EXERCISE DETAILS →
Repeat each entry as written, dropping any picture you find.

[Spatial localization data]
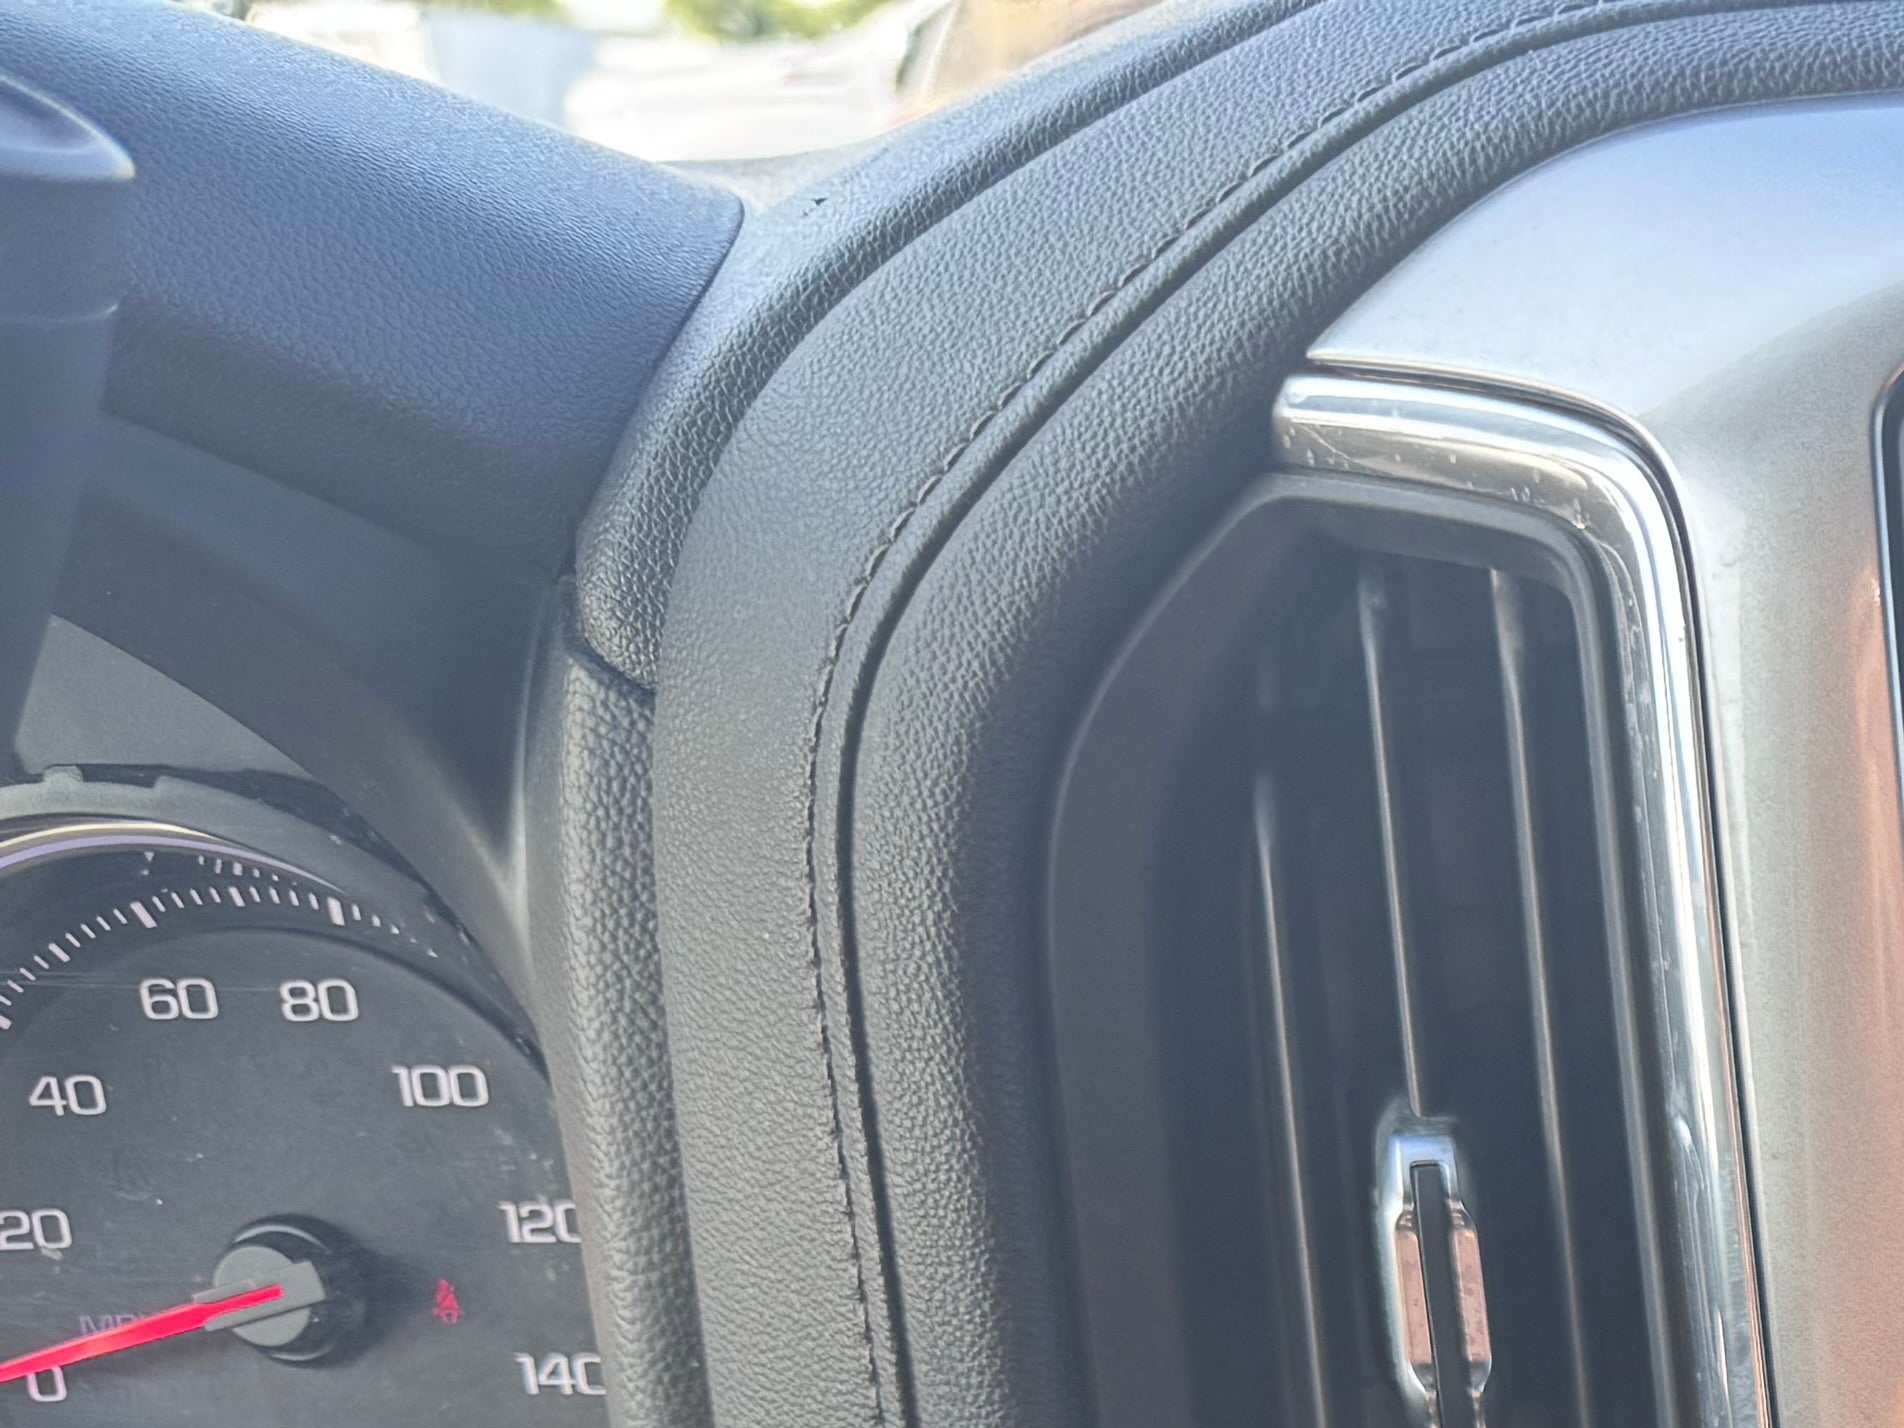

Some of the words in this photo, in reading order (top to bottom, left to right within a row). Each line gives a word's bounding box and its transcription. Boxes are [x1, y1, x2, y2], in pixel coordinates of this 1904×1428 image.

[139, 977, 219, 1021] 60
[280, 978, 359, 1022] 80
[28, 1074, 107, 1117] 40
[391, 1065, 490, 1108] 100
[0, 1208, 72, 1250] 20
[514, 1352, 607, 1396] 140
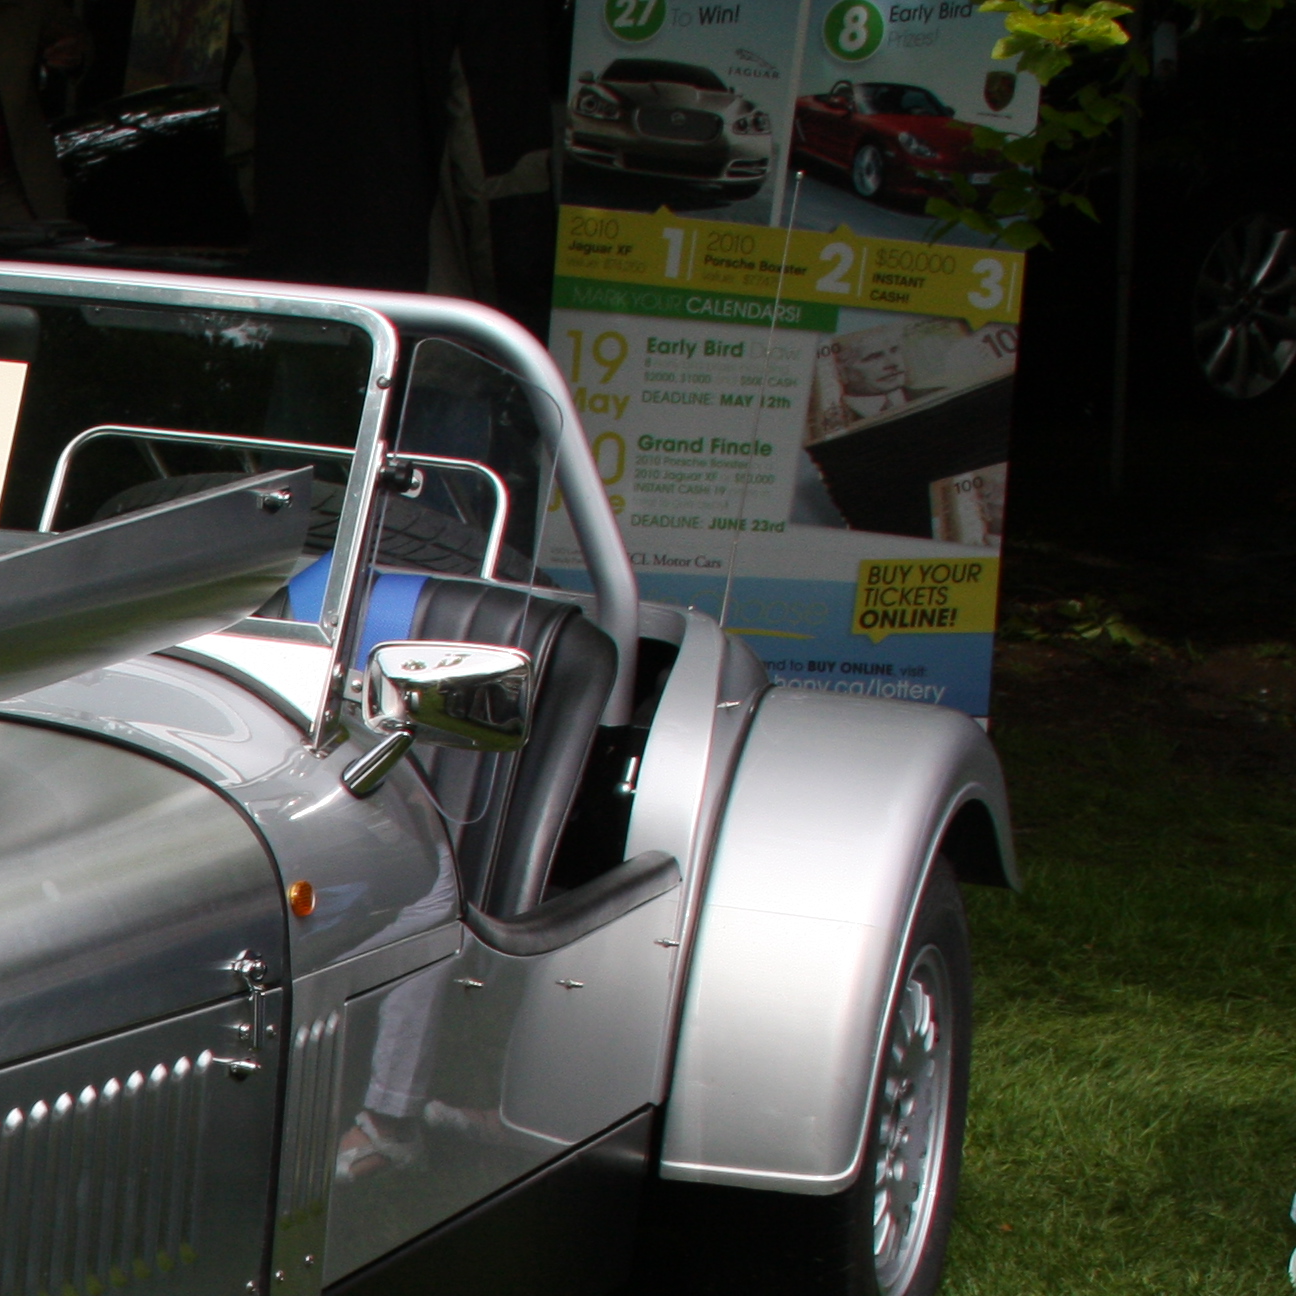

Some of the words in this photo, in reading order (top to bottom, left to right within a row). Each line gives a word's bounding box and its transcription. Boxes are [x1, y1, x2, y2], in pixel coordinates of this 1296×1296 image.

[698, 4, 740, 26] Win!
[838, 6, 871, 52] 8
[889, 3, 935, 24] Early
[938, 2, 973, 20] Bird
[728, 66, 781, 80] JAGUAR
[569, 215, 619, 239] 2010
[567, 240, 613, 257] Jaguar
[616, 244, 634, 256] XF
[662, 227, 685, 278] 1
[706, 231, 756, 256] 2010
[703, 253, 756, 271] Porsche
[815, 241, 856, 294] 2
[874, 247, 957, 275] $50,000
[871, 272, 927, 289] INSTANT
[967, 257, 1005, 311] 3
[685, 297, 803, 324] CALENDARS!
[566, 329, 630, 385] 19
[645, 336, 699, 360] Early
[703, 339, 746, 359] Bird
[641, 389, 713, 406] DEADLINE:
[718, 392, 755, 408] MAY
[758, 392, 792, 409] 12th
[636, 433, 704, 454] Grand
[708, 436, 773, 457] Finale
[592, 430, 627, 486] 0
[635, 454, 661, 467] 2010
[663, 455, 708, 468] Porsche
[634, 467, 660, 480] 2010
[662, 470, 703, 483] Jaguar
[953, 475, 984, 494] 100
[633, 482, 675, 495] INSTANT
[546, 487, 626, 516] Je
[630, 514, 704, 530] DEADLINE:
[707, 517, 748, 532] JUNE
[750, 518, 786, 534] 23rd
[627, 552, 649, 565] CL
[653, 553, 692, 567] Motor
[694, 554, 722, 569] Cars
[866, 564, 910, 587] BUY
[915, 562, 984, 584] YOUR
[863, 585, 950, 609] TICKETS
[857, 607, 959, 630] ONLINE!
[764, 660, 786, 671] nd
[807, 660, 837, 673] BUY
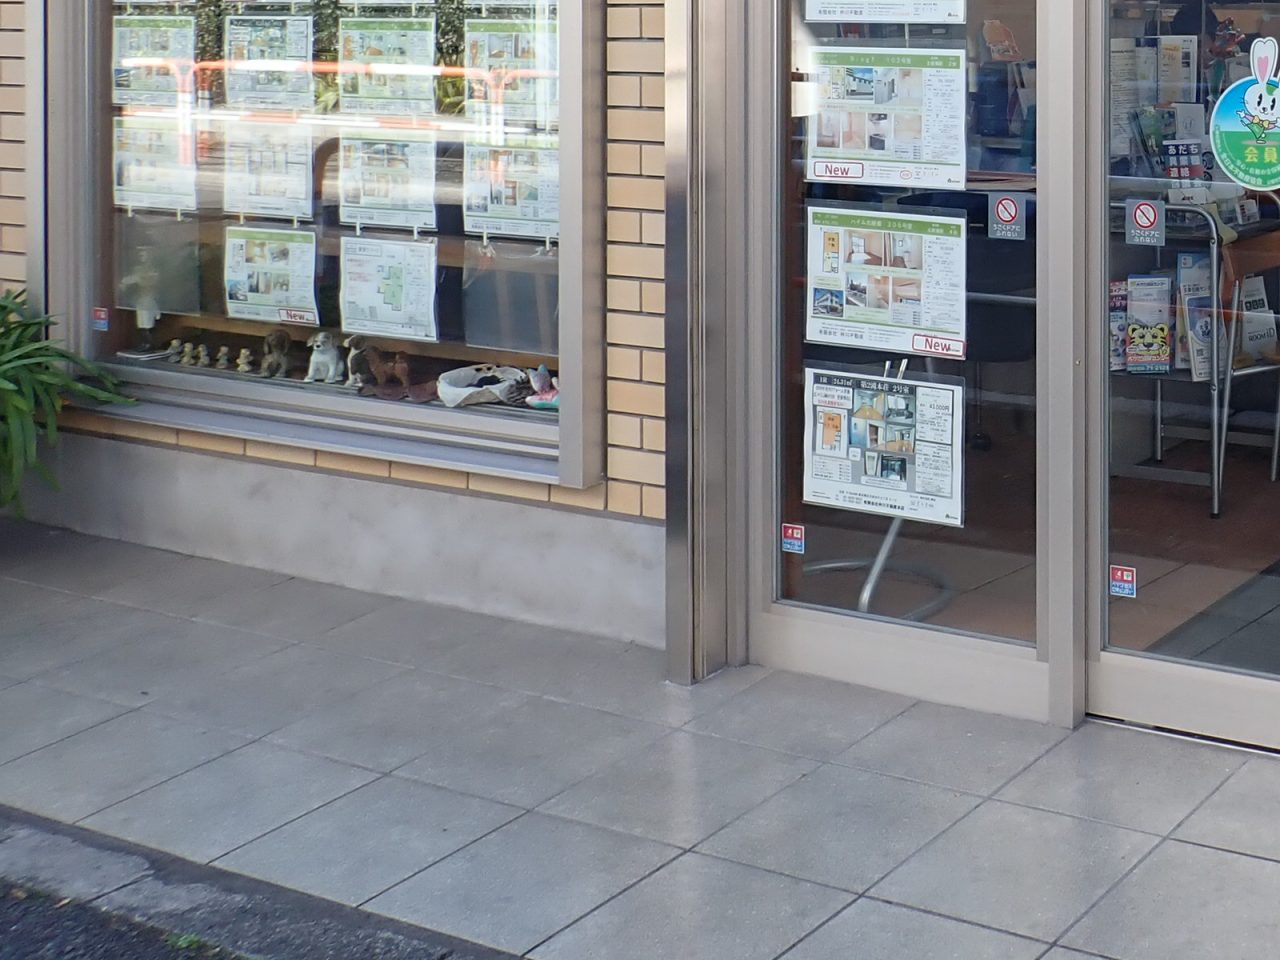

RESPONSE BELOW →
Some of the words in this photo, in reading order (top to bottom, left to right within a row). Each line gives a word's bounding box and its transcription. Boxes are [x1, y1, x2, y2], in pixel coordinates of this 1904×1428 image.

[139, 977, 219, 1021] 60
[280, 978, 359, 1022] 80
[28, 1074, 107, 1117] 40
[391, 1065, 490, 1108] 100
[0, 1208, 72, 1250] 20
[514, 1352, 607, 1396] 140

Some of the words in this photo, in reading order (top to bottom, left to right within a row). Each line gives a word's bounding box and its transcription. Boxes are [x1, y1, x2, y2], in pixel coordinates of this 1296×1296 image.

[698, 4, 740, 26] Win!
[838, 6, 871, 52] 8
[889, 3, 935, 24] Early
[938, 2, 973, 20] Bird
[728, 66, 781, 80] JAGUAR
[569, 215, 619, 239] 2010
[567, 240, 613, 257] Jaguar
[616, 244, 634, 256] XF
[662, 227, 685, 278] 1
[706, 231, 756, 256] 2010
[703, 253, 756, 271] Porsche
[815, 241, 856, 294] 2
[874, 247, 957, 275] $50,000
[871, 272, 927, 289] INSTANT
[967, 257, 1005, 311] 3
[685, 297, 803, 324] CALENDARS!
[566, 329, 630, 385] 19
[645, 336, 699, 360] Early
[703, 339, 746, 359] Bird
[641, 389, 713, 406] DEADLINE:
[718, 392, 755, 408] MAY
[758, 392, 792, 409] 12th
[636, 433, 704, 454] Grand
[708, 436, 773, 457] Finale
[592, 430, 627, 486] 0
[635, 454, 661, 467] 2010
[663, 455, 708, 468] Porsche
[634, 467, 660, 480] 2010
[662, 470, 703, 483] Jaguar
[953, 475, 984, 494] 100
[633, 482, 675, 495] INSTANT
[546, 487, 626, 516] Je
[630, 514, 704, 530] DEADLINE:
[707, 517, 748, 532] JUNE
[750, 518, 786, 534] 23rd
[627, 552, 649, 565] CL
[653, 553, 692, 567] Motor
[694, 554, 722, 569] Cars
[866, 564, 910, 587] BUY
[915, 562, 984, 584] YOUR
[863, 585, 950, 609] TICKETS
[857, 607, 959, 630] ONLINE!
[764, 660, 786, 671] nd
[807, 660, 837, 673] BUY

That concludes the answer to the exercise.